G. Robert Blakey is an extraordinarily arrogant man who has two saving graces: he will freely admit that he is arrogant and he is altogether entitled to be arrogant. If anyone has heard a news report of someone being charged with racketeering, that is almost certainly a reference to 42 United States Code 1961, the Racketeer Influence Corrupt Organizations Act (RICO). RICO was largely Professor Blakey’s work. He got his start as one of Robert Kennedy’s right-hand men in the early sixties. He has forgotten more about prosecuting organized, syndicated crime than most people will ever learn. RICO was a revolutionary development in American jurisprudence. Here’s the deal: at common law, there is a distinction between civil and criminal law. Criminal law is designed to prosecute one person committing one crime on one day. As anyone who ever watched The Godfather knows, just as modern business organizations have become more sophisticated and diversified, so have syndicated criminals. RICO is designed not to attack individuals, but organizations. Whereas the common law treats crime like an individual atom, RICO deals with entire molecules. Anyone who has committed to predicate offenses within a ten-year period can be prosecuted, not only for those two offenses, but also for being a member of that organization. A RICO conviction carries a 20-year sentence in addition to the sentences for the predicate offenses.

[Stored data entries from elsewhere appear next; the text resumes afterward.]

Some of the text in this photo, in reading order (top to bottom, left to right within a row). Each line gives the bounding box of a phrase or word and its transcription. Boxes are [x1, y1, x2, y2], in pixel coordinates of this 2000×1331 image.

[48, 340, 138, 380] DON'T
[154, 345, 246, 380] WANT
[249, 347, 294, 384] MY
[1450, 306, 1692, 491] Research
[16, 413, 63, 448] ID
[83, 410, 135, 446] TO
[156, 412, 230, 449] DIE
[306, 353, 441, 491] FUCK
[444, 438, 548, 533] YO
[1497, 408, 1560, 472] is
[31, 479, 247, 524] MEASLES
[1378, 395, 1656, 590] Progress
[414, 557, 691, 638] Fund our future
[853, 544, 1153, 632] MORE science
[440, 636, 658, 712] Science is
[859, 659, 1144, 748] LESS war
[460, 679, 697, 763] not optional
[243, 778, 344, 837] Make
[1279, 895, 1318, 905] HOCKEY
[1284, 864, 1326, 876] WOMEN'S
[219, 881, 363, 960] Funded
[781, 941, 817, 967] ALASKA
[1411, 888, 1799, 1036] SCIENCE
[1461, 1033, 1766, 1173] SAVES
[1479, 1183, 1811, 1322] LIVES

The Notre Dame Law School snack bar had a special sandwich called The RICO, with the slogan, “everything comes under it.” I happened to be sitting next to Professor Blakey at a table in the snack bar in 1985, when the television news announced the indictments of the heads of the five New York crime families. Blakey was grinning like a Cheshire Cat. I’d often heard him say in class, that the Sherman Anti-trust act was passed in 1890, but it took the government 15 years to figure out how to use it, and it would take federal prosecutors a similar period to fully utilize RICO.

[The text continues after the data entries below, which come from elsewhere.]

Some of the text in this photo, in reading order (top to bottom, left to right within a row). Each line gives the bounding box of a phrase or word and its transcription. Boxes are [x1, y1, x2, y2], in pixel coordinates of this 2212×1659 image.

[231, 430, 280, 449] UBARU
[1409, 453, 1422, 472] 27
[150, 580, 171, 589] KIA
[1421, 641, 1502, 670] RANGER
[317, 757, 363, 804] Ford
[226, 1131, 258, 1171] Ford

Ever since Lucky Luciano formed the Commission in the 1930s, the mafia (or more properly, La Cosa Nostra, “this thing of ours”) has worked to create an aura of invincibility. That only the small fish get convicted and serve short sentences. With that in mind, it’s interesting to relate what happened to the 11 Commission defendants. One, Anthony Delacroce, died of cancer before the end of the trial. One had his case severed and went to prison in a separate trial, serving all but three days of the rest of his life in prison. (The feds let him go home to die.) A third Commission member, Big Paulie Costellano, was whacked outside Sparks Steakhouse in Manhattan. (This indirectly caused Professor Blakey great annoyance. On the evening of December 16. 1985, he was lecturing on RICO to a group of FBI agents and federal prosecutors when he was interrupted by an audience member’s beeper. Then another. And another. Until the hall was filled with the chorus of beepers going off. The attendees of his seminar were all getting the news of Big Paulie’s whacking and he lost about half of his audience. I know from personal experience that Professor Blakey gets notoriously snappish at students who arrive late to his 8 a.m. lectures. (My best guess is that he does not use the same tone while addressing FBI agents who are packing .357 Magnums.) Of the eight remaining defendants, all were convicted and received lengthy prison sentences. In a last meeting before being shipped off to prison, one of the Mafioso offered their traditional toast, “centane.” (One hundred years.) Since four of the men had received one-hundred-year sentences, one suggested they might need to get a new toast. Of those eight men, four have died in prison and three are still there. Carmine “The Snake” Parsico is now seventy-five, and I’m sure he’s looking forward to his parole date…in 2050. The eighth Commission defendant, Antony Indellicato was released after thirteen years, returned to prison twice for parole violations, for nine months and two years, respectively. Last year, he accepted a plea agreement to serve a twenty-year sentence for murder.
I once heard Professor Blakey comment that the movie, The Godfather, played up the power and glamour of the mafia lifestyle, while The Godfather 2 depicted the horrendous human cost.